FtsA mutants impaired for self-interaction bypass ZipA suggesting a model in which FtsA's self-interaction competes with its ability to recruit downstream division proteins
Article first published online: 29 NOV 2011
© 2011 Blackwell Publishing Ltd
Volume 83, Issue 1, pages 151–167, January 2012
How to Cite
Pichoff, S., Shen, B., Sullivan, B. and Lutkenhaus, J. (2012), FtsA mutants impaired for self-interaction bypass ZipA suggesting a model in which FtsA's self-interaction competes with its ability to recruit downstream division proteins. Molecular Microbiology, 83: 151–167. doi: 10.1111/j.1365-2958.2011.07923.x
- Issue published online: 20 DEC 2011
- Article first published online: 29 NOV 2011
- Accepted manuscript online: 23 NOV 2011 10:06PM EST
- Accepted 9 November, 2011.
Z-ring assembly requires polymers of the tubulin homologue FtsZ to be tethered to the membrane. Although either ZipA or FtsA is sufficient to do this, both of these are required for recruitment of downstream proteins to form a functional cytokinetic ring. Gain of function mutations in ftsA, such as ftsA* (ftsA-R286W), bypass the requirement for ZipA suggesting that this atypical, well-conserved, actin homologue has a more critical role in Z-ring function. FtsA forms multimers both in vitro and in vivo, but little is known about the role of FtsA polymerization.
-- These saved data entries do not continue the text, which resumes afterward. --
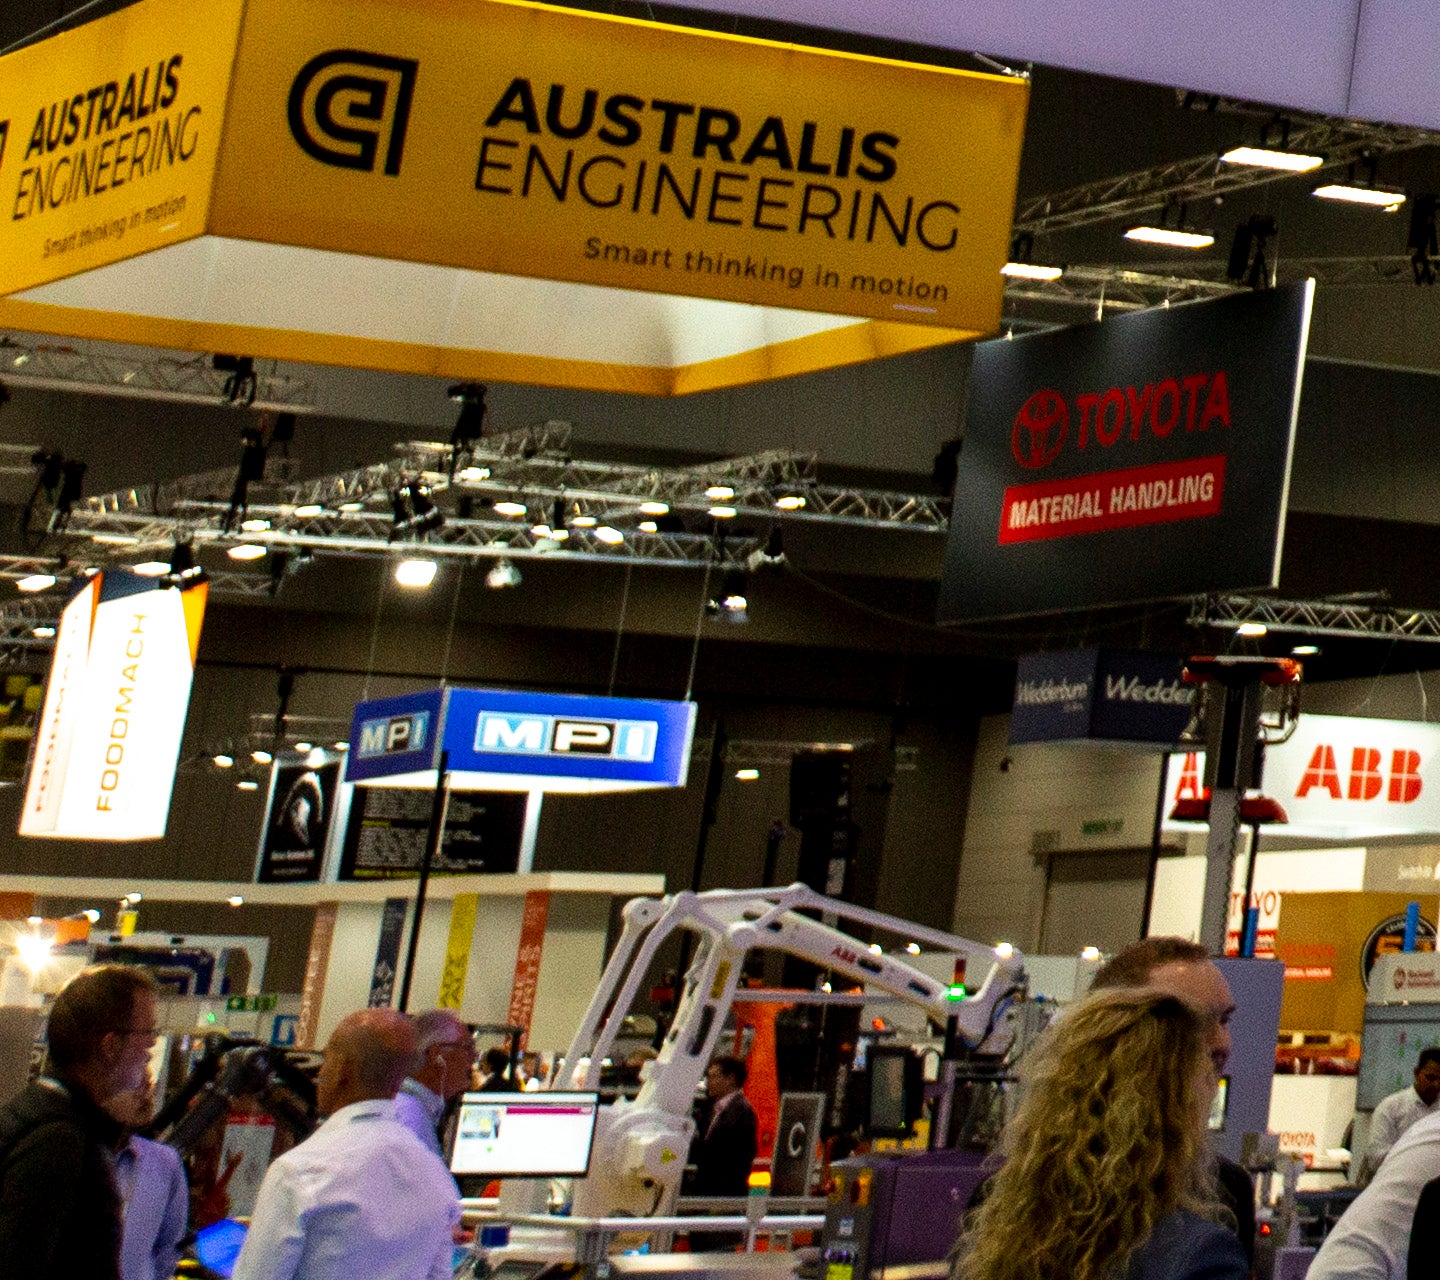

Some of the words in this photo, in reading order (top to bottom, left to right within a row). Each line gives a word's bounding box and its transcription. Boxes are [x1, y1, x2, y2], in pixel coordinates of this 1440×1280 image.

[25, 53, 183, 161] AUSTRALIS
[485, 77, 901, 183] AUSTRALIS
[12, 105, 202, 221] ENGINEERING
[474, 137, 962, 252] ENGINEERING
[583, 236, 673, 270] Smart
[684, 250, 804, 290] thinking
[816, 263, 840, 288] in
[850, 274, 950, 302] motion
[1076, 370, 1231, 450] TOYOTA
[1008, 490, 1103, 530] MATERIAL
[1109, 472, 1215, 514] HANDLING
[96, 613, 149, 812] FOODMACH
[360, 714, 428, 755] MPI
[482, 717, 647, 759] MPI
[1294, 744, 1423, 804] ABB
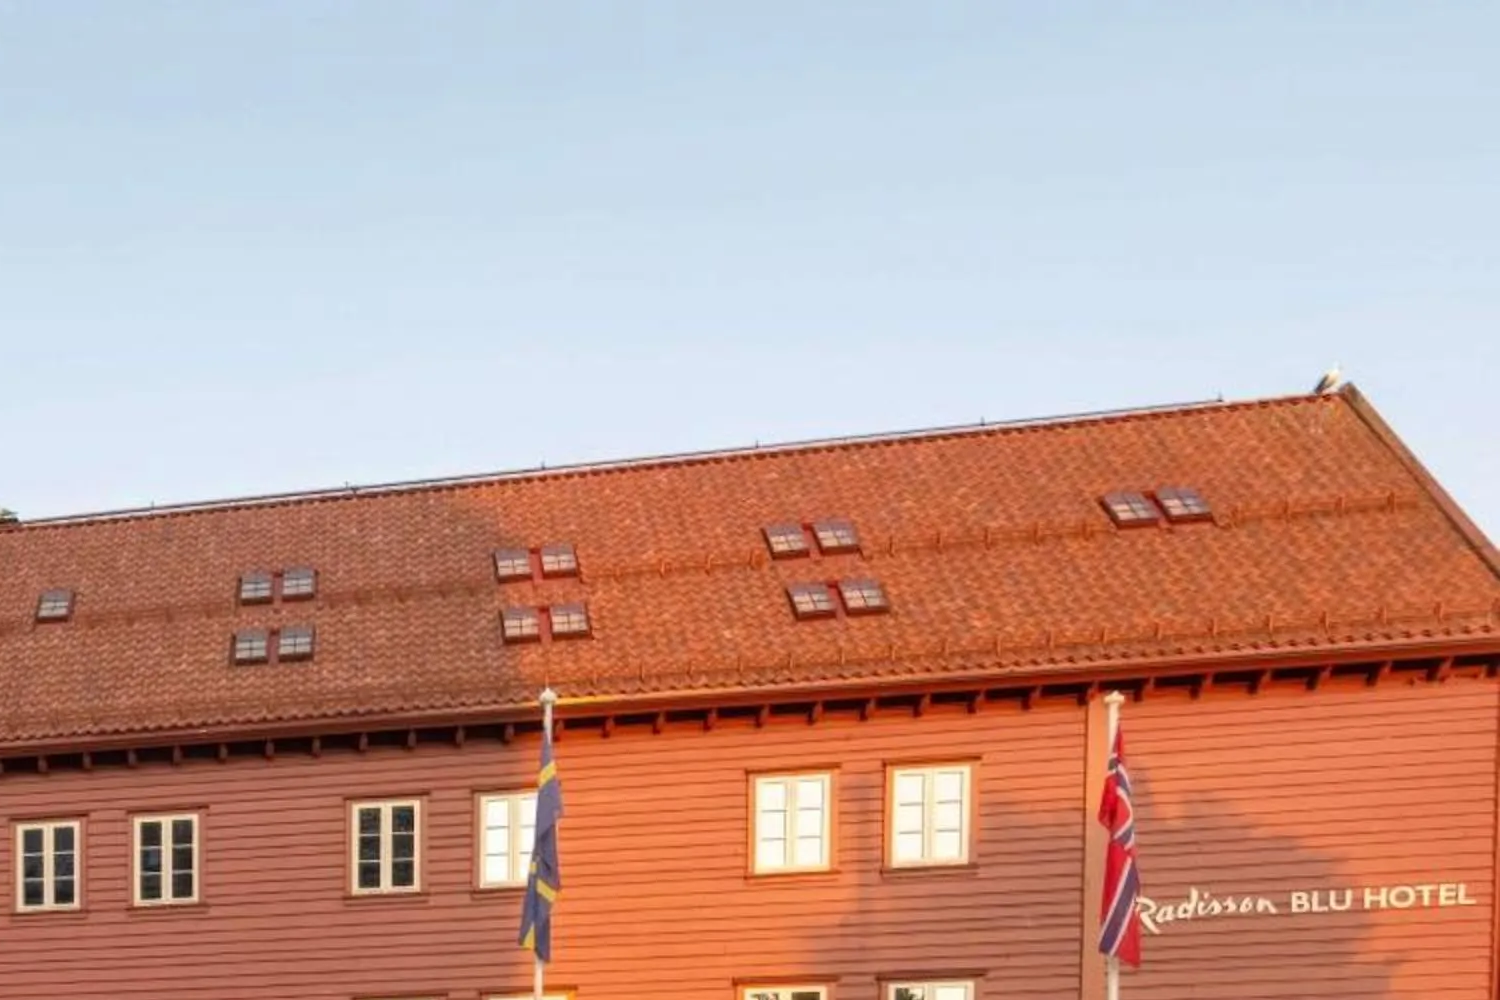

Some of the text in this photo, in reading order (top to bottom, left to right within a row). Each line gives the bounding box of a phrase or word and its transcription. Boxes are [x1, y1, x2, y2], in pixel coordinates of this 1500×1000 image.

[1135, 883, 1477, 934] Radisson BLU HOTEL
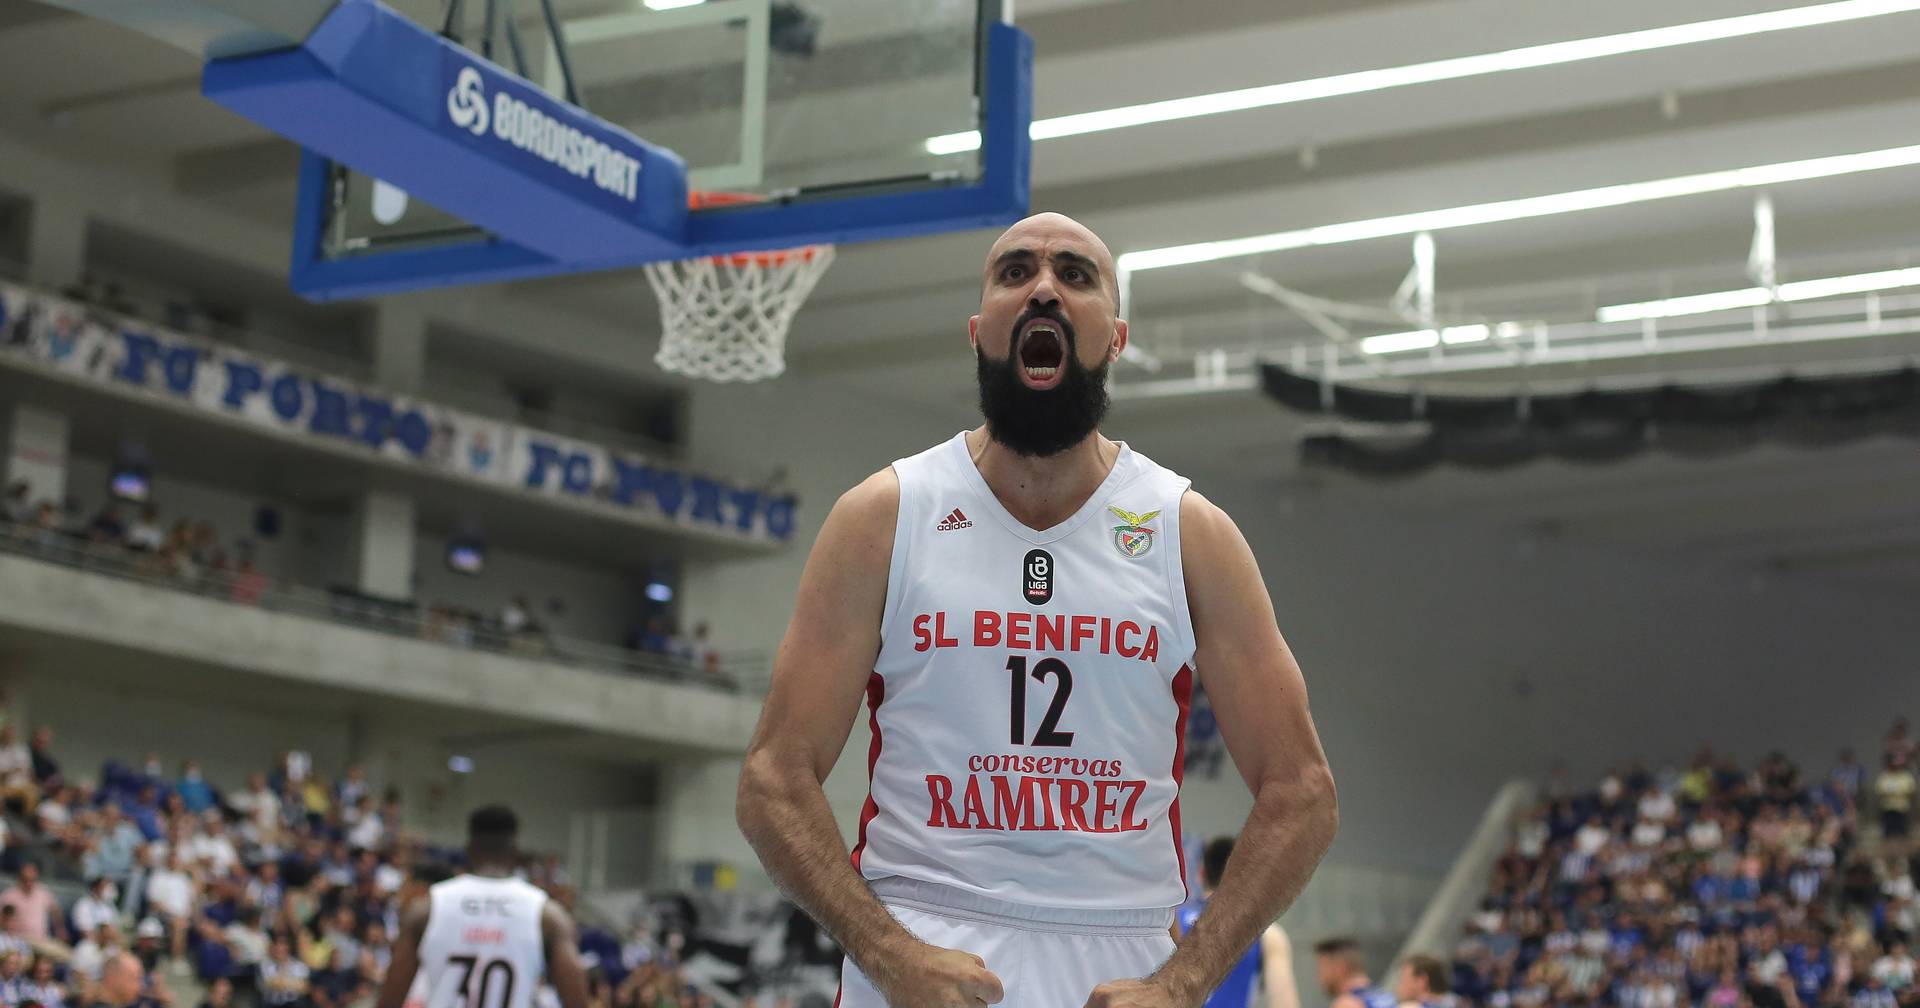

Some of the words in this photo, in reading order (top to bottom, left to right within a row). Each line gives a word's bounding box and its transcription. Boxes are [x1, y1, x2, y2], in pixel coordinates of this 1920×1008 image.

[493, 92, 641, 202] BORDISPORT
[224, 360, 433, 457] PORTO
[937, 521, 973, 531] adidas
[913, 611, 959, 652] SL
[973, 610, 1159, 663] BENFICA
[1005, 655, 1075, 747] 12
[968, 754, 1122, 777] conservas
[925, 774, 1148, 833] RAMIREZ
[448, 955, 515, 1008] 30
In this study we identify FtsA mutants impaired for self-interaction. Such mutants are able to support Z-ring assembly and are also able to bypass the requirement for ZipA. These mutants, including FtsA*, have reduced ability to self-interact but interact normally with FtsZ and are less toxic if overexpressed. These results do not support a model in which FtsA monomers antagonize FtsZ polymers. Instead, we propose a new model in which FtsA self-interaction competes with its ability to recruit downstream proteins. In this model FtsA self-interaction at the Z ring is antagonized by ZipA, allowing unpolymerized FtsA to recruit downstream proteins such as FtsN.